Pipeline deliveries into the United States slipped by 3% to 1.98 Tcf during the first seven months of the 2009-2010 contract year from 2 Tcf for the comparable period of November through May of 2008-2009, according to the latest trade data compiled by Canada’s National Energy Board (NEB). Average prices at the international border also gave up 3% by dipping to US$4.98/MMBtu and export revenues went down 6% to US$9.7 billion.
But the lame current performance of the Canada-U.S. gas trade looks strong in contrast to the tumble experienced a year earlier. In the November-May period of 2008-2009 the drops from 2007-2008 were severe as export volumes shrank by 13%, border prices plunged by 40% and revenues plummeted by 47%.
The number of drilling rigs at work continues to show that an investment and supply recovery is beginning.
As of this week, field contractors reported that 391 rigs were working across western Canada — more than double the 190 that were drilling in mid-August.
As projected by industry trade associations and financial analysts since last winter, oil has replaced natural gas as the leading Canadian drilling target for the first time in memory. An estimated 60% of the current activity, employing 215 rigs, is aimed at oil.
But gas is making a comeback. The estimated 161 rigs that are currently drilling for gas represent a 77% increase from the 91 that were on the job a year ago.
The recovery has startled field contractors, prompting the Petroleum Services Association of Canada (PSAC) to point to a problem that no one expected to re-emerge any time soon: personnel recruitment.
There is a “challenge of finding skilled labor for those companies fortunate enough to be busy,” PSAC President Roger Soucy said in recently releasing an updated forecast by his group of more than 250 employers. “Companies forced to shed valuable employees last year are now scrambling to hire them back or find replacements.”
PSAC projects that, counting oil- and gas-targeted drilling, 11,250 wells will be drilled this year, a 35% increase from forecasts made during the worst spell of the recession last fall that the total would only reach 8,350 in 2010 and 2011.
The biggest projected provincial field activity increase — 27% to 7,390 wells — is in Alberta, where there are oil targets and royalty reductions announced in the spring improved the industry’s economics.
But British Columbia, where gas is virtually the sole drilling target, is experiencing a 22% increase in drilling to 700 wells this year, PSAC says. The numbers fall short of describing the extent of industry activity in British Columbia, where the growth is in deep and horizontal wells that take a month or more to tap tight or unconventional deposits embedded in shale or other dense geological formations.
The market shows signs of continuing to support the activity recovery, reports FirstEnergy Capital Corp., a Calgary-based investment house that makes a specialty of tracking gas trends in great detail.

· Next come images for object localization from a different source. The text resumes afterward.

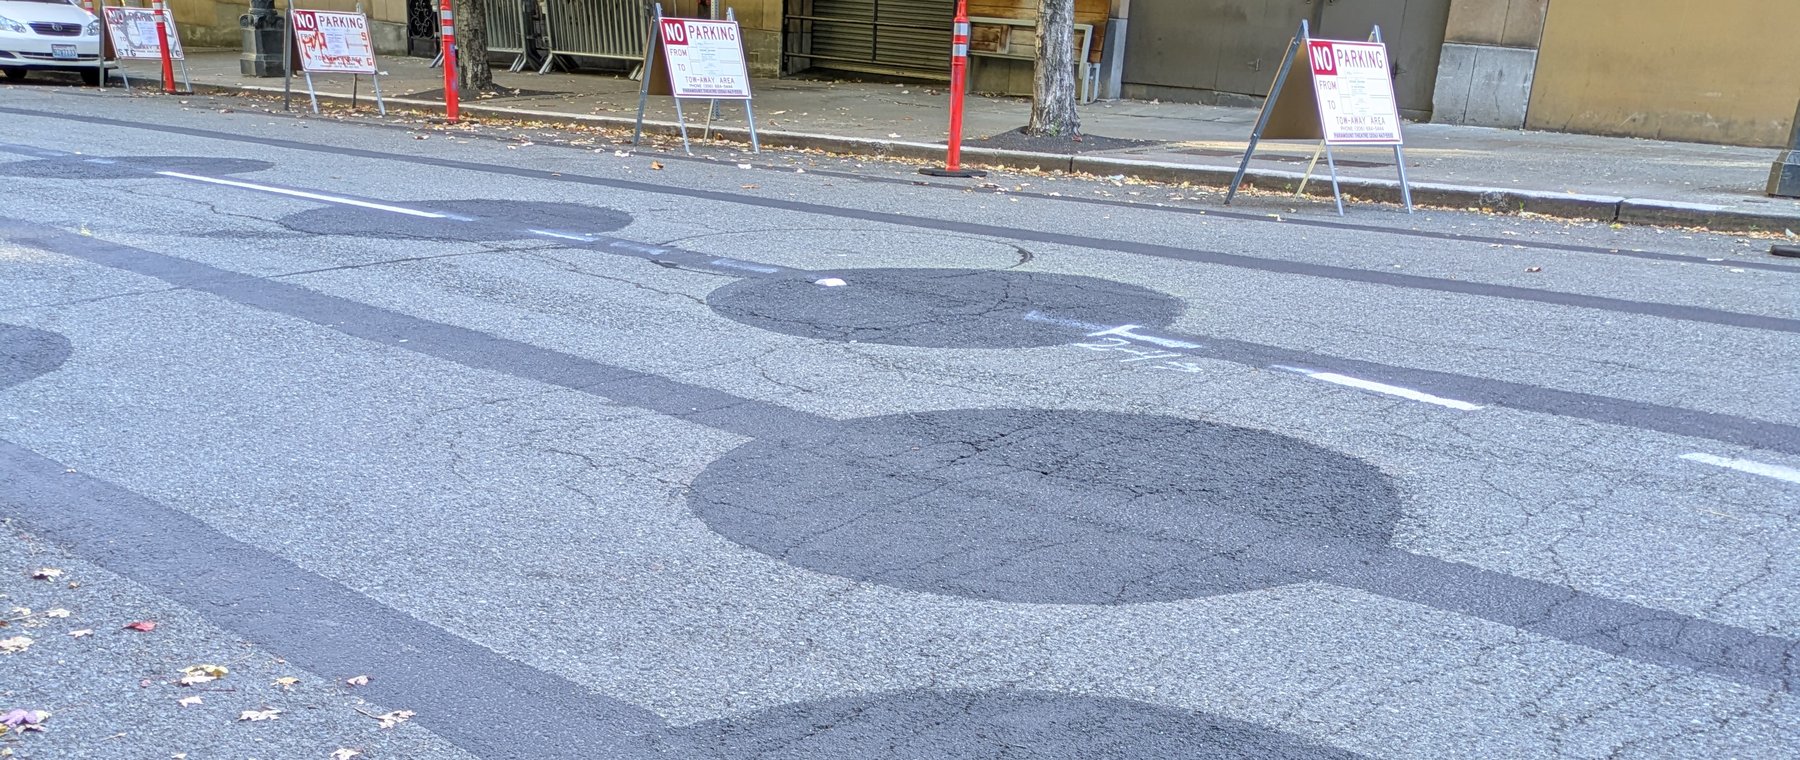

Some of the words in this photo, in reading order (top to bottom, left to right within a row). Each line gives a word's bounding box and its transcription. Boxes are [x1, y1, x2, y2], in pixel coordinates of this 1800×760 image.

[297, 13, 314, 29] NO
[319, 15, 363, 29] PARKING
[664, 23, 684, 42] NO
[688, 25, 735, 41] PARKING
[669, 48, 688, 57] FROM
[1312, 46, 1333, 71] NO
[1336, 49, 1383, 69] PARKING
[677, 63, 686, 72] TO
[685, 75, 714, 84] TOW-AWAY
[719, 76, 735, 84] AREA
[1319, 80, 1337, 90] FROM
[1327, 99, 1336, 110] TO
[1336, 116, 1366, 125] TOW-AWAY
[1370, 116, 1386, 125] AREA
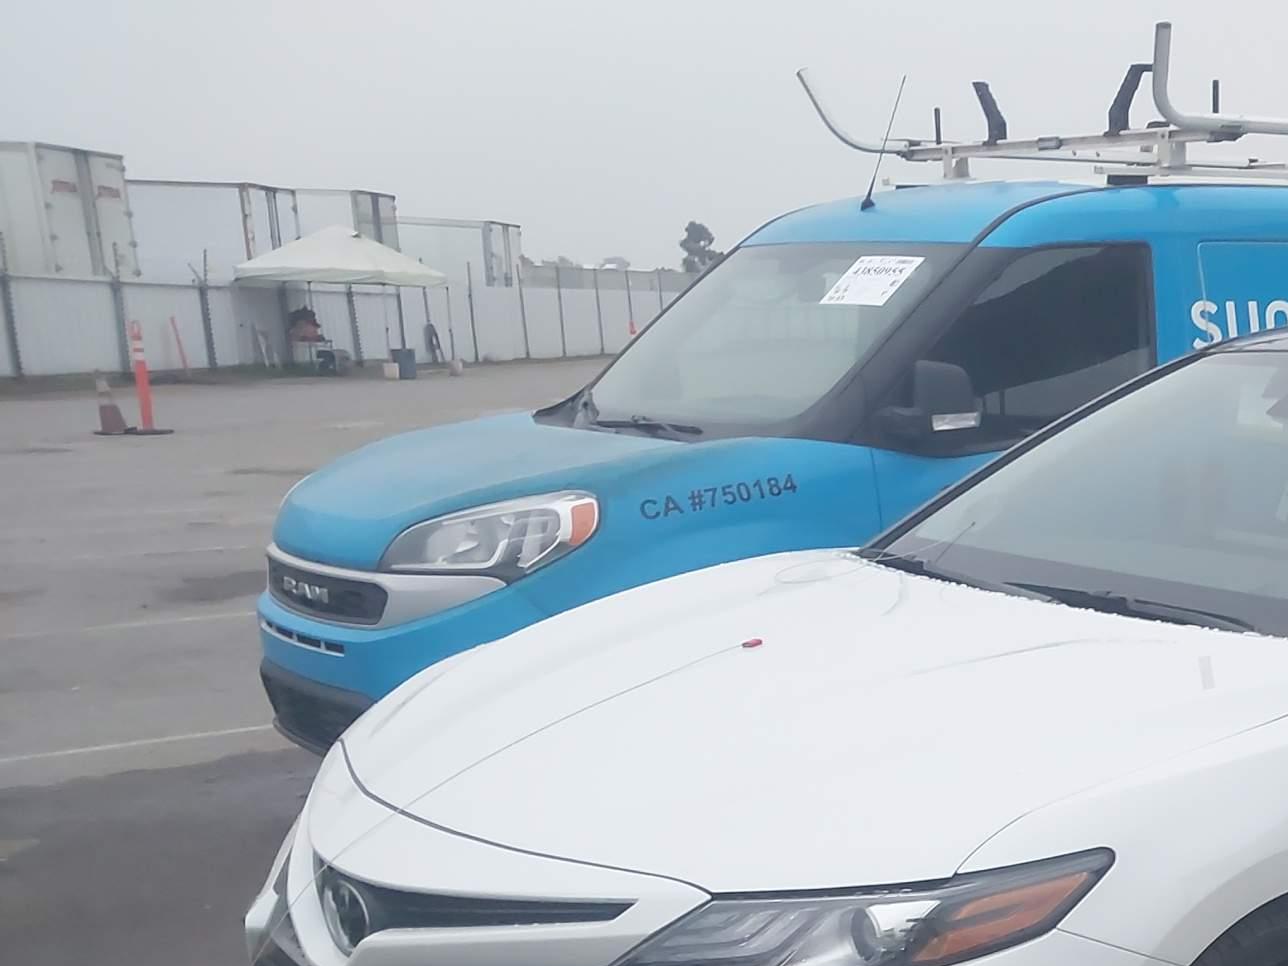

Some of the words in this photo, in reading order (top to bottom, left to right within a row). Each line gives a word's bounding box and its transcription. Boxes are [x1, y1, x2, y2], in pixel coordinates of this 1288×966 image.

[639, 495, 685, 520] CA
[688, 474, 798, 512] #750184
[283, 576, 329, 604] RAM

“Weather has been supportive through the summer, and with reduced liquefied natural gas imports into the United States, Canadian exports have been a beneficiary of the hot temperatures (driving up air-conditioning demand for electricity from gas-fired power plants),” FirstEnergy said in a research note.
As an early tangible sign of market improvement, volumes of Canadian gas in storage have begun to shrink in comparison to the glut that severely depressed prices and led to production shut-ins at this time last year, FirstEnergy said. The difference in inventories, while not spectacular by standards of the 632 Bcf still currently in Canadian storage, is nevertheless noticeable at 700 MMcf less than this time last year.
The emerging reduction in storage volumes will likely continue for at least the rest of August, the firm predicts. “A shut-in scenario is becoming less and less likely for late August and September,” it said.